Sandia National Laboratories is also in on the carbon nanotube game, with research led by physicist François Léonard. Léonard has considerable experience in the subject, so much that he wrote the book on it — literally. He’s the author of a forthcoming work, Physics of Carbon Nanotube Devices, which could become the definitive text on the topic.
Carbon nanotubes are long thin cylinders composed entirely of carbon atoms. While their diameters are in the nanometer range (1-10), they can be very long, up to centimeters in length. The carbon-carbon bond is very strong, making carbon nanotubes very robust and resistant to any kind of deformation. The properties of other single-element materials are obvious — gold is a metal and silicon is a semiconductor, for example. Carbon nanotubes, on the other hand, have a sort of dual personality not found in other materials made from a single element. They’re special because they can be either metallic or semiconducting.
Léonard explains that this results from the actual structure of a carbon nanotube; the way the atoms are arranged around the tube determines its electronic properties. To explain this concept to a group of undergraduates at the University of California, Berkeley, he uses three rolls of chicken wire, each cut at a different angle. The chicken wire represents the sheet of graphene from which the nanotube is cut. The angle of that cut creates a different bond geometry along the nanotube, which results in different properties.
Working in uncharted territory
Léonard’s experience with carbon nanotubes began when the field was just emerging. While the discovery of carbon nanotubes is credited to Japanese physicist Sumio Iijima in 1991, work on applications didn’t begin until the late 1990s. Léonard was at IBM as a postdoc when researchers there built the first transistor from carbon nanotubes.
As a theoretical physicist, Léonard was working in uncharted territory. From the beginning, he worked on modeling approaches to understand how carbon nanotubes might behave in certain applications. He joined Sandia in 2000, where he has continued his carbon nanotube research.
The semiconducting side of carbon nanotubes holds a lot of promise for the development of new nanoelectronic devices. “A carbon nanotube creates a transistor that is only one nanometer wide,” says Léonard. “This makes it possible, in principle, to achieve very high device densities compared with the current state of the art.” The field emission properties of carbon nanotubes are also exciting. Flat panel displays are typically made from a high density of sharp tips, to which high voltage is applied to extract electrons. These electrons strike and activate the pixels in the screen. Carbon nanotubes can serve this purpose because they are very sharp, long, and can sustain high fields and high temperatures.
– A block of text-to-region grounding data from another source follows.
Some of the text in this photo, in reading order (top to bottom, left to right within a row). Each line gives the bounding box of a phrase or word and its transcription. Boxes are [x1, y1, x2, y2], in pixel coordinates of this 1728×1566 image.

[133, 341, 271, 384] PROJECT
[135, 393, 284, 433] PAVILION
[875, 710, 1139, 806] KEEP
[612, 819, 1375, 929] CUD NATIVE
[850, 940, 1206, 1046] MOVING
‘Layla’ on a nanotube receiver
Researchers have demonstrated the ability to assemble such devices with a single carbon nanotube. At a recent conference, one scientist played Eric Clapton’s “Layla” on a carbon nanotube device acting as a radio receiver.
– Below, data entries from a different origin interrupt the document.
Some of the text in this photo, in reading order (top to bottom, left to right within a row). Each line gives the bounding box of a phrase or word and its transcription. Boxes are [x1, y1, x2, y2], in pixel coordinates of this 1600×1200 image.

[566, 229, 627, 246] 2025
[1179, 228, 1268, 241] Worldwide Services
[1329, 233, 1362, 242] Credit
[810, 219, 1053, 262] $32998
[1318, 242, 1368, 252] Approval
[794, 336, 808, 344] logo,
Another potential use is in chemical and biological sensors. Carbon nanotubes, because of their small diameter, can serve as very sensitive detectors, with the ability to detect a single molecule of a target substance. DNA detection has also been demonstrated. Currently, Léonard is leading a team to develop optical detection using carbon nanotubes. The project is a partnership with Lockheed Martin.
Unique electronic properties
Semiconducting carbon nanotubes have many properties that make them attractive for optical detection. They have unique electronic properties that favor light absorption. In addition, the wavelength over which light is absorbed can be controlled with nanotubes of different diameters. Importantly, the device fabrication process could be entirely compatible with fabrication processes used by the semiconductor industry. In addition to carbon nanotubes, Léonard is interested in electronic transport in other nanostructures — carbon nanotubes as well as nanowires and single molecules. The question, he says, is how does current pass across nanostructures? How is transport of electrons different than in conventional materials?
Léonard’s book is expected to be out by the end of August. See the publisher’s website here for details.
Sandia is a multiprogram laboratory operated by Sandia Corporation, a Lockheed Martin company, for the U.S. Department of Energy’s National Nuclear Security Administration. With main facilities in Albuquerque, N.M., and Livermore, Calif., Sandia has major R&D responsibilities in national security, energy and environmental technologies, and economic competitiveness.